▸ **EXERCISE DESCRIPTION**
Extract verbatim every line from the one containing "this 1500×1687 image." to the final line of the records below, inclusive, and exclude all pictures.

▸ **AVAILABLE DATA**
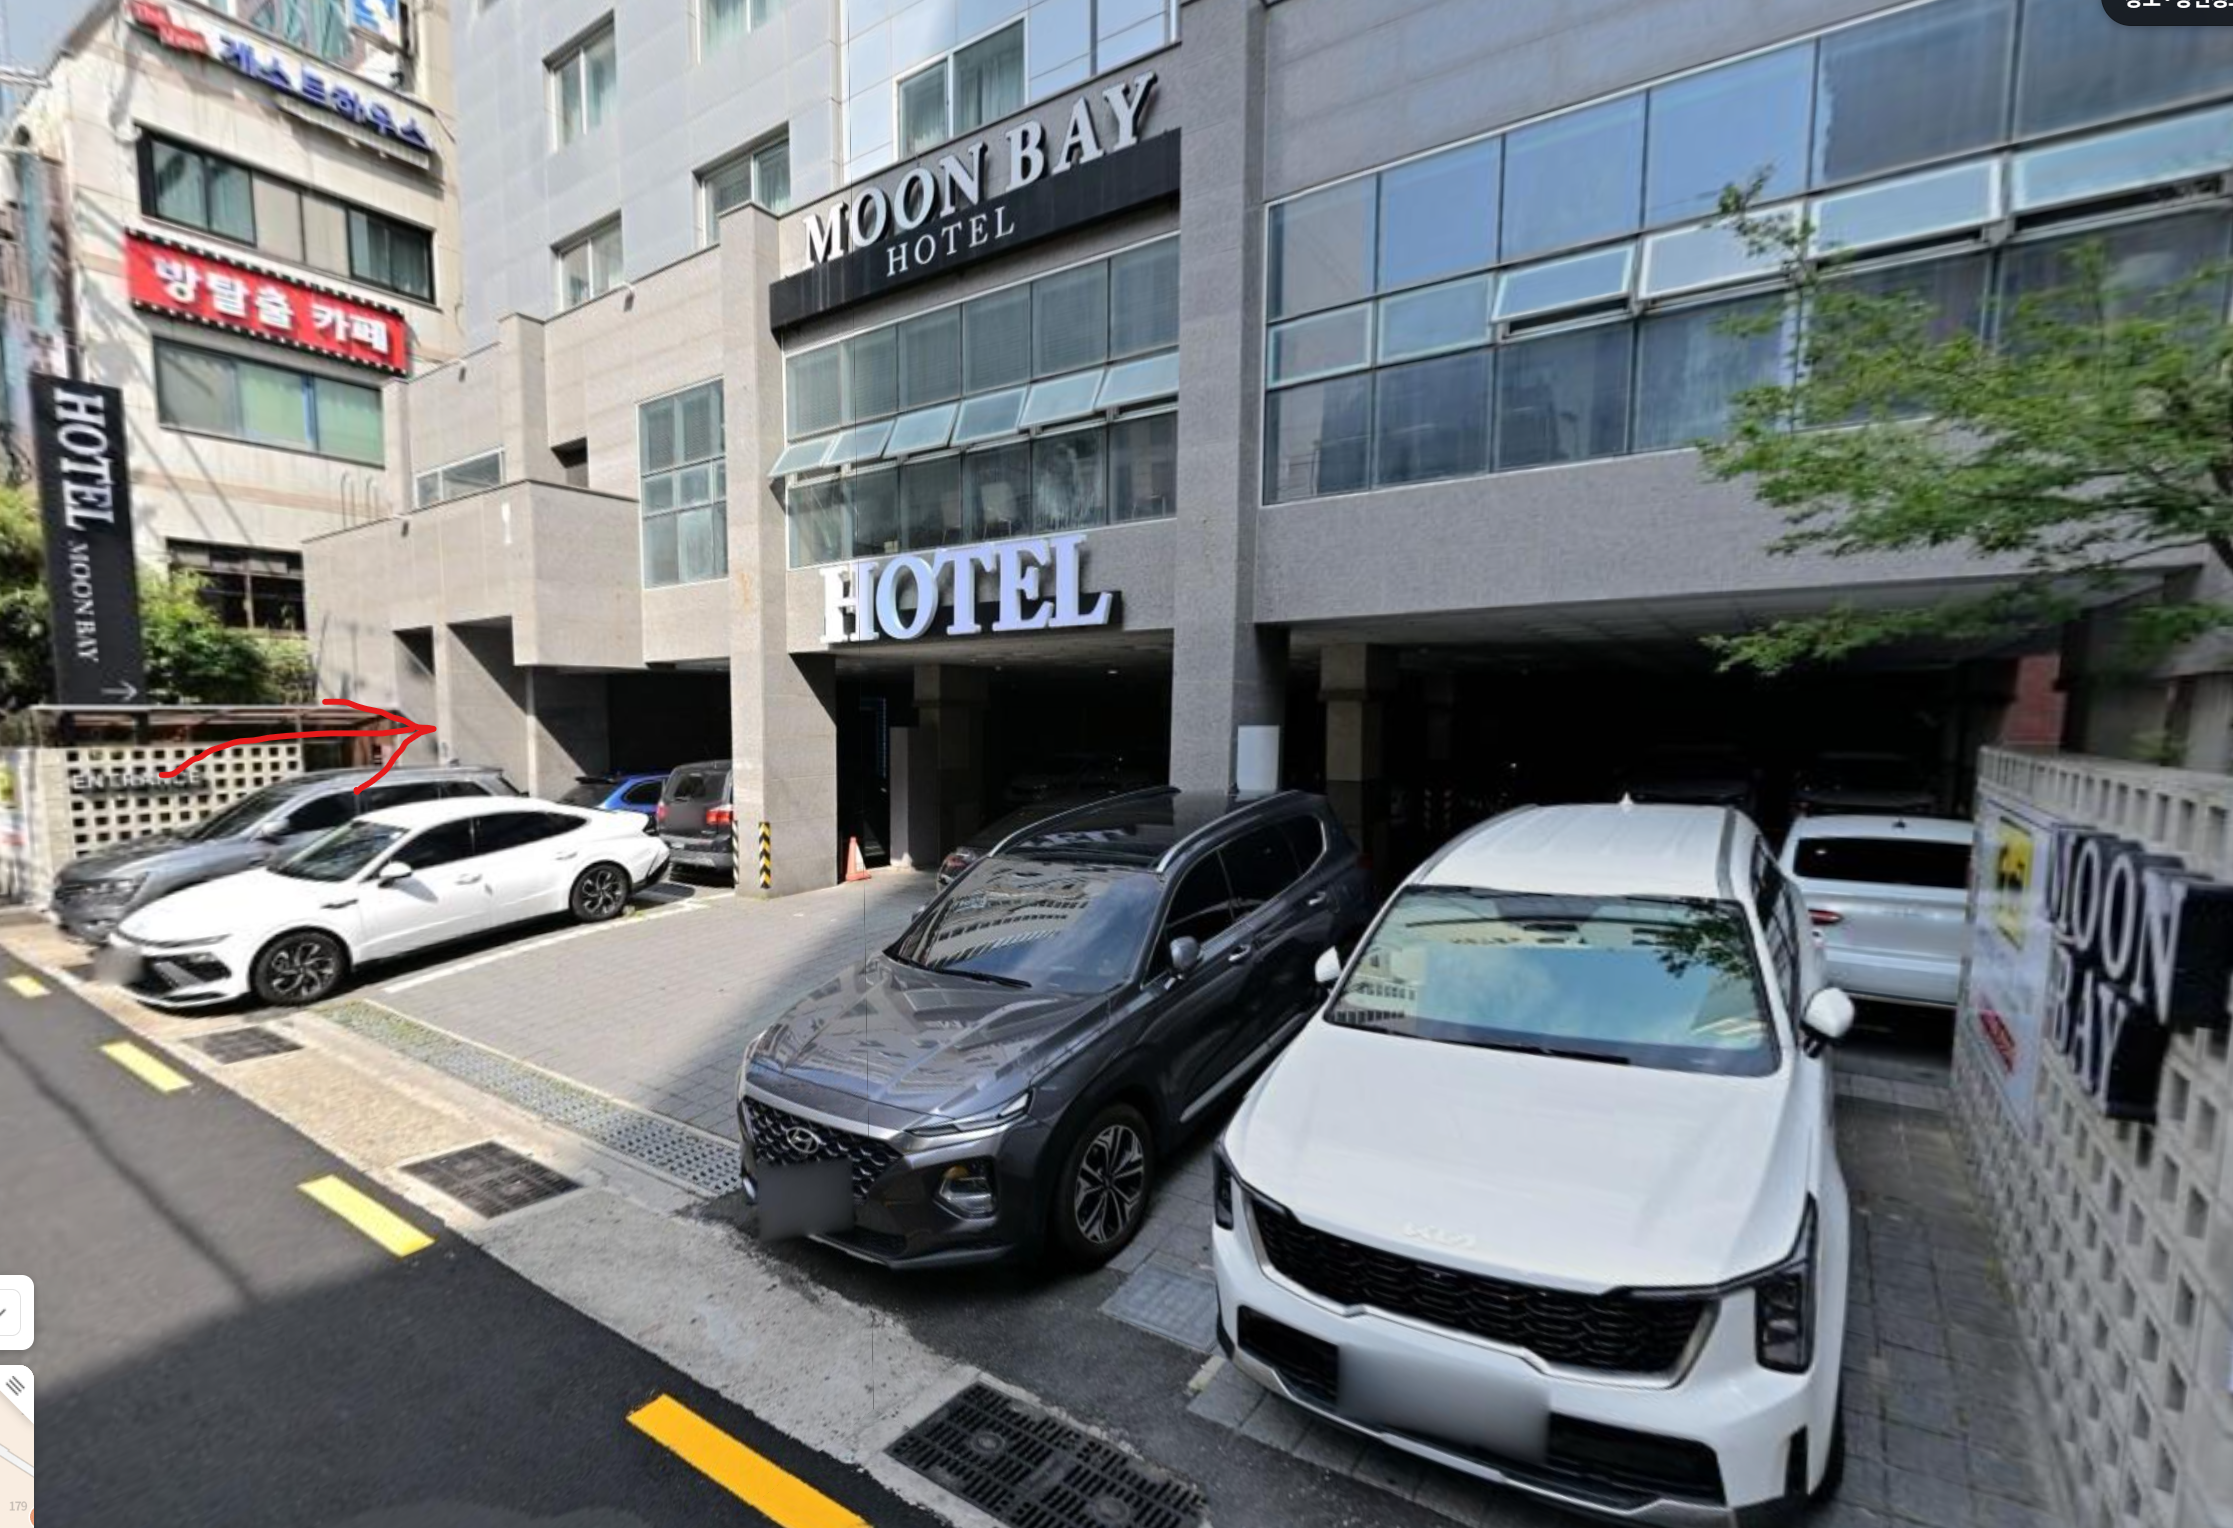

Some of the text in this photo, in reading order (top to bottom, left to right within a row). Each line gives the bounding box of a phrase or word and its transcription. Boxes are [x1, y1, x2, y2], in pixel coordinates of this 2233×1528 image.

[218, 33, 429, 149] 게스트하우스
[801, 71, 1158, 267] MOON BAY
[886, 206, 1015, 277] HOTEL
[310, 302, 390, 353] 카페
[53, 387, 115, 531] HOTEL
[67, 540, 99, 662] MOON BAY
[820, 534, 1112, 645] HOTEL
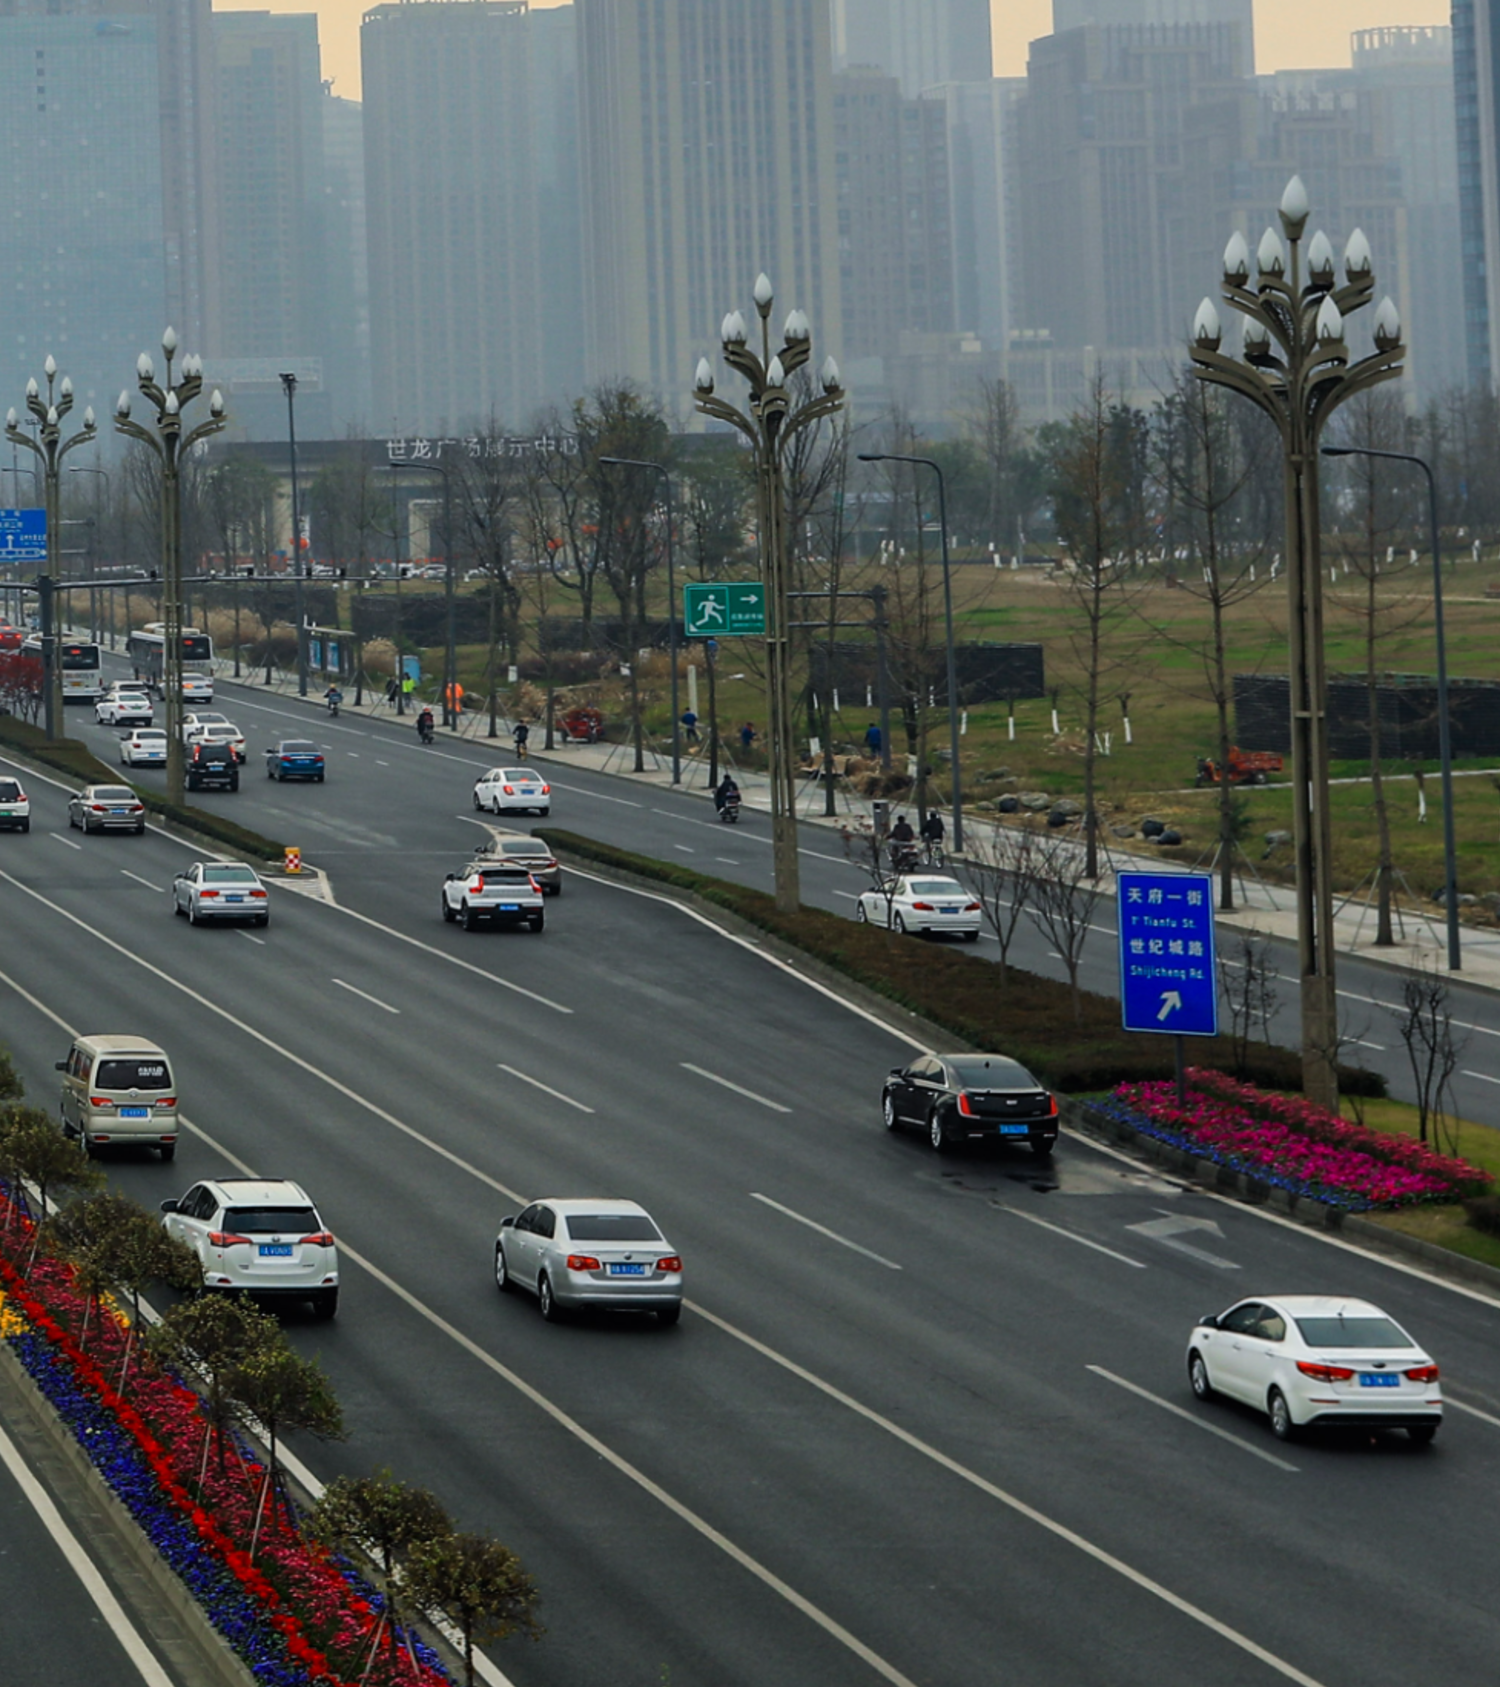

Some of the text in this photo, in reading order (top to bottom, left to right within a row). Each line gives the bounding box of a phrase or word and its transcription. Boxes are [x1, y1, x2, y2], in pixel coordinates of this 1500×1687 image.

[1127, 888, 1203, 906] 天府一街
[1143, 915, 1177, 928] Tianfu
[1129, 938, 1204, 957] 世纪城路
[1130, 965, 1187, 981] Shijicheng
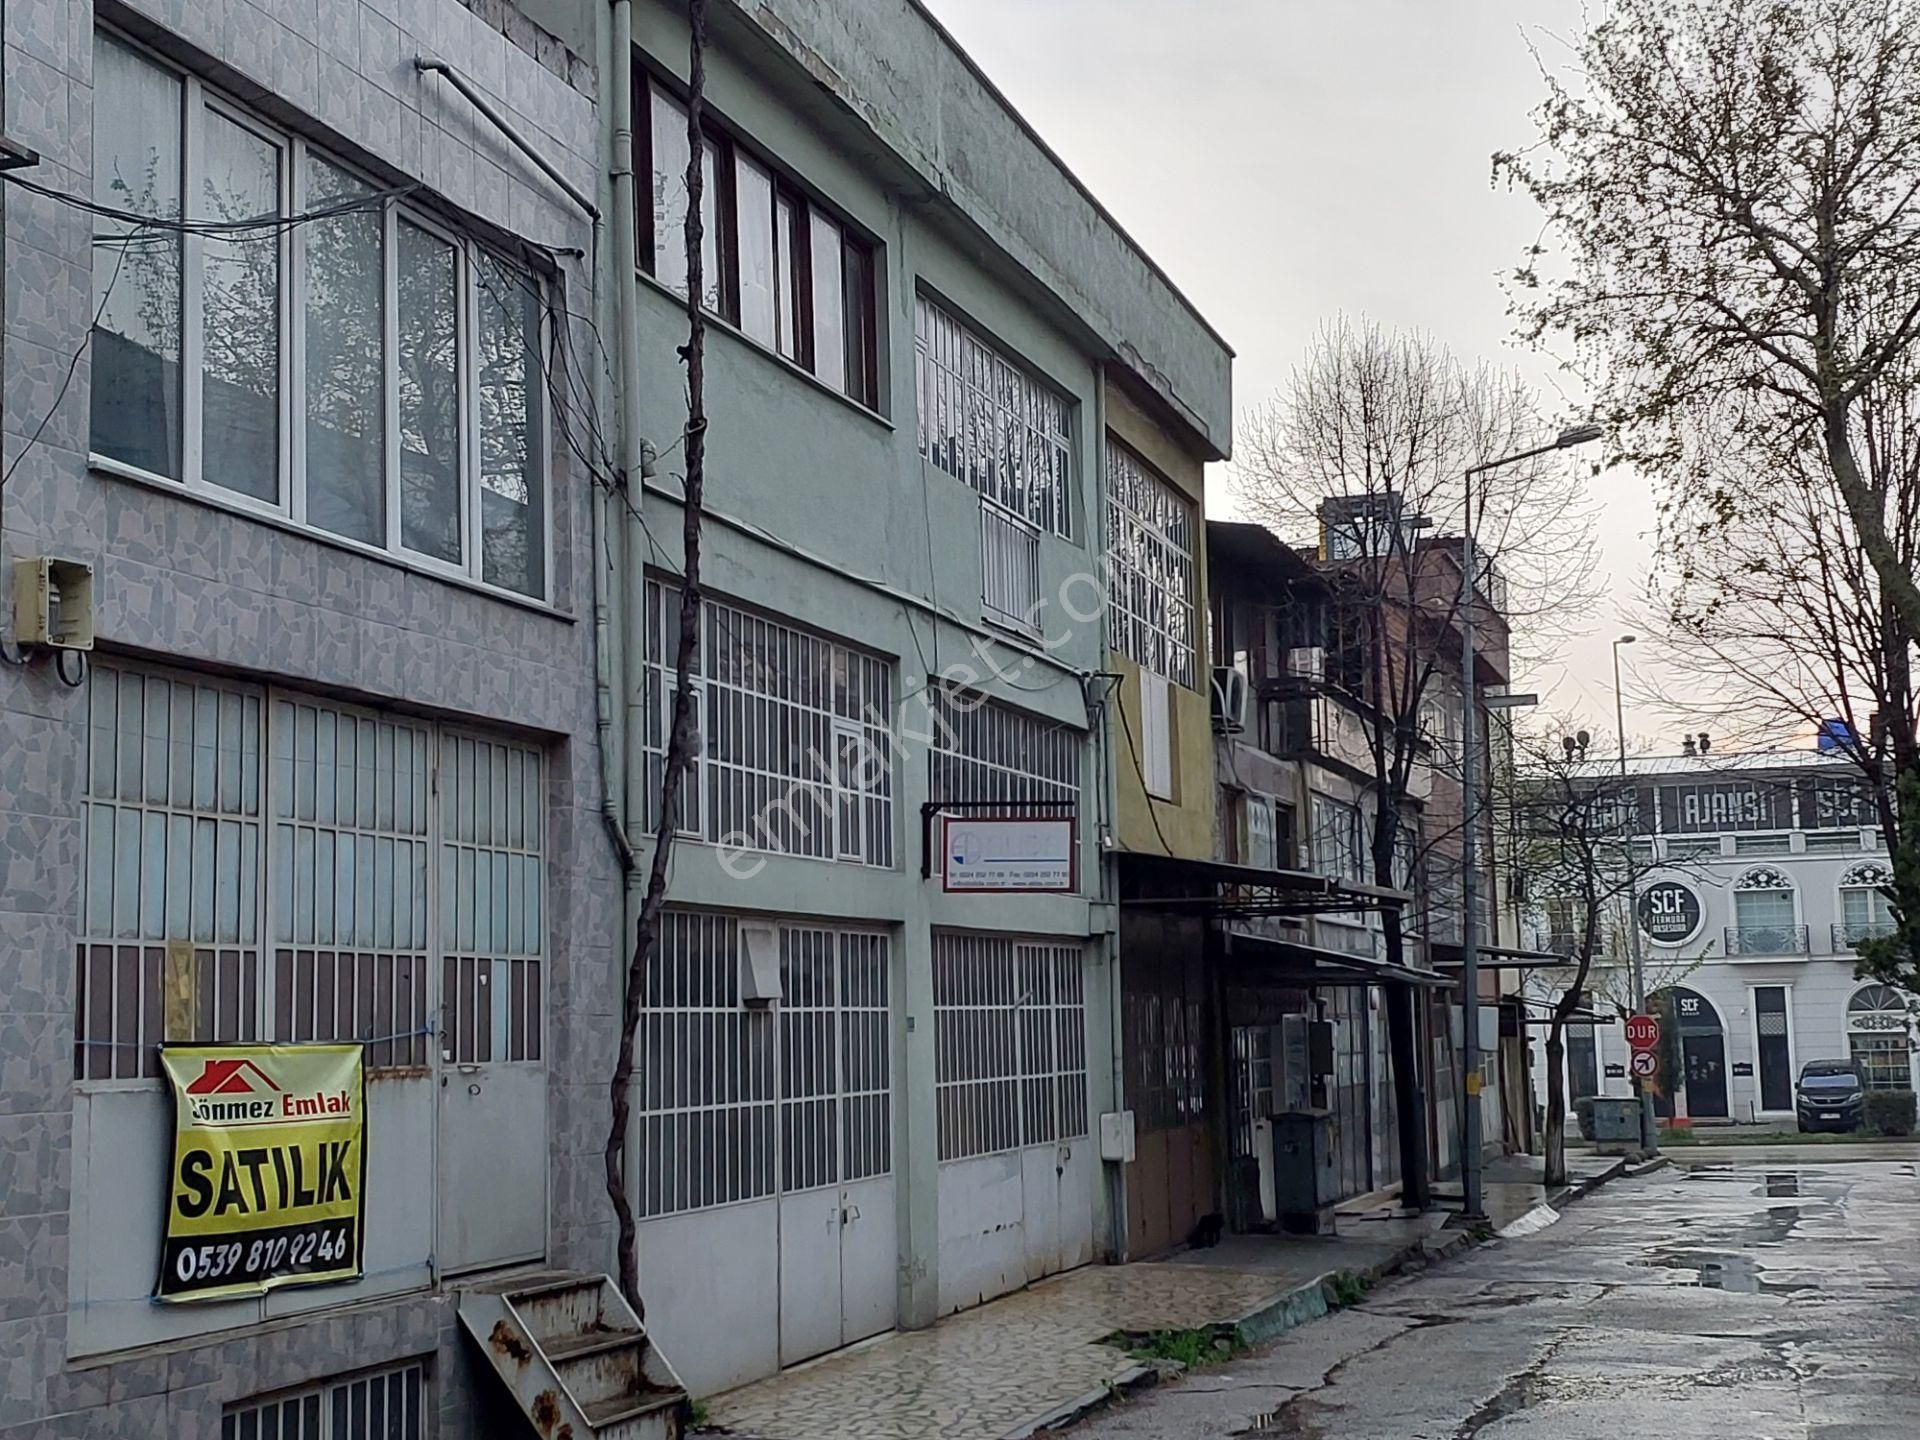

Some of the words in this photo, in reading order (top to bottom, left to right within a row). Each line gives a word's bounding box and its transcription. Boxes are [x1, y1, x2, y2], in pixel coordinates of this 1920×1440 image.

[1650, 889, 1685, 914] SCF
[1680, 998, 1700, 1011] SCF
[1626, 1025, 1657, 1039] DUR
[282, 1090, 351, 1117] Emlak
[177, 1140, 352, 1217] SATILIK
[176, 1242, 242, 1282] 0539
[245, 1236, 288, 1273] 810

▸ **SOLUTION TO THIS TASK**
Some of the text in this photo, in reading order (top to bottom, left to right within a row). Each line gives the bounding box of a phrase or word and its transcription. Boxes are [x1, y1, x2, y2], in pixel coordinates of this 1500×1687 image.

[1127, 888, 1203, 906] 天府一街
[1143, 915, 1177, 928] Tianfu
[1129, 938, 1204, 957] 世纪城路
[1130, 965, 1187, 981] Shijicheng

Some of the words in this photo, in reading order (top to bottom, left to right within a row). Each line gives a word's bounding box and its transcription. Boxes are [x1, y1, x2, y2], in pixel coordinates of this 1920×1440 image.

[1650, 889, 1685, 914] SCF
[1680, 998, 1700, 1011] SCF
[1626, 1025, 1657, 1039] DUR
[282, 1090, 351, 1117] Emlak
[177, 1140, 352, 1217] SATILIK
[176, 1242, 242, 1282] 0539
[245, 1236, 288, 1273] 810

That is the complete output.